Working Together

by Jerry Kozak
Producer Outlook
Economic events of the past year in the dairy sector clearly illustrate two points: first, that the mismanagement of government dairy programs really helped create one of the worst pricing environments ever for dairy farmers and their co-ops; and second, that producers can work together to provide innovative economic solutions in an effort to improve the situation.
Much of the dialogue within NMPF’s membership in the past 12 months has been focused on how we can rectify the killer low milk prices that afflicted farmers from 2001 through the first half of 2003. NMPF has worked in the legislative and regulatory policy environments in Washington on a variety of solutions. These include the following:
- Urging the USDA to strengthen the dairy price-support program so farm-level prices don’t continually fall well beneath the $9.90/cwt support level.
- Speeding up the ability of the USDA to make necessary changes in the Federal Order marketing environment to allow for more orderly, less volatile marketing condition.
- Pushing the U.S. Customs Service to do a better job of assessing whether dairy imports are truly milk protein concentrates and not just falsely labeled blends of skim milk designed to circumvent our tariffs, ultimately displacing U.S. milk in cheese manufacturing and watering down farmers’ prices.
- Most importantly, urging Congress to pass legislation that will provide a more level playing field in dairy trade through the imposition of tariffs on imports of MPC and casein.
On the policy front, NMPF also worked cooperatively with dairy processors in a successful effort to get the House of Representatives to update the school lunch program regulations to allow for a better variety of high-quality milk beverages to be distributed to America’s kids. Our challenge now is to get the Senate to approve similar legislation.
Concerning the second point I mentioned initially, the milk price plunge that lasted nearly two years was reversed in 2003 thanks in part to efforts undertaken by the nation’s dairy cooperatives. A year ago, we created a unique new program called Cooperatives Working Together (CWT) to better balance supply and demand.

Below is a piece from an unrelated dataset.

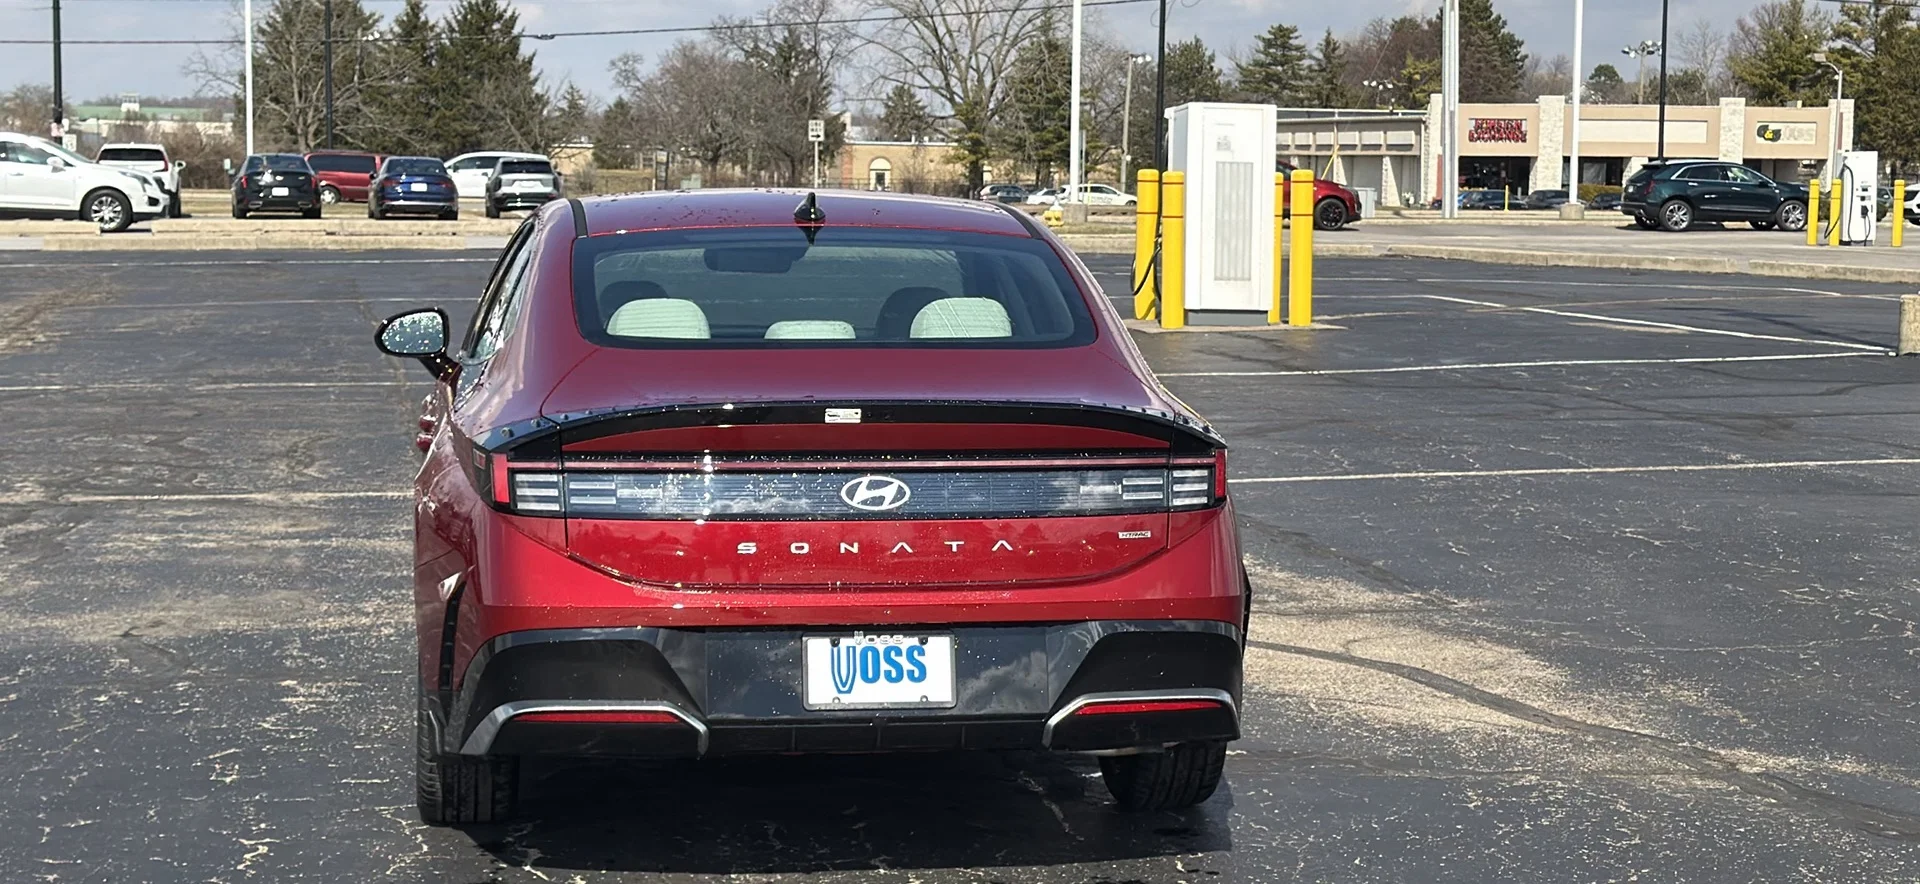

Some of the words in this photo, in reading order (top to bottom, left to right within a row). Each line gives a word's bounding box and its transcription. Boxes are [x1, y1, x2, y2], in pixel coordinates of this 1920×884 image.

The dramatic reversal of milk prices that began last summer, and will continue at least through this summer, is certainly the result of the milk-reduction activities funded by the nation’s leading dairy cooperatives, working with independent producers who are also pitching in to fund three milk supply reduction programs. The success of CWT — which will boost farm milk prices by an estimated 60 cents from October 2003 through September 2004 — illustrates that farmers can have a positive impact on the marketplace and can take control of their own destinies if they agree to work together.
Our challenge now is to manage the fallout from record-high milk prices. Although current conversations among dairy processors and producers are focused on the record highs, the futures markets are predicting a huge decline in prices in just a few months. CWT hopefully will help provide a soft landing for milk prices, rather than the typical hard crash that we have experienced repeatedly in the past decade once milk prices hit a peak and then deteriorate.
Jerry Kozak is president and chief executive officer of the National Milk Producers Federation.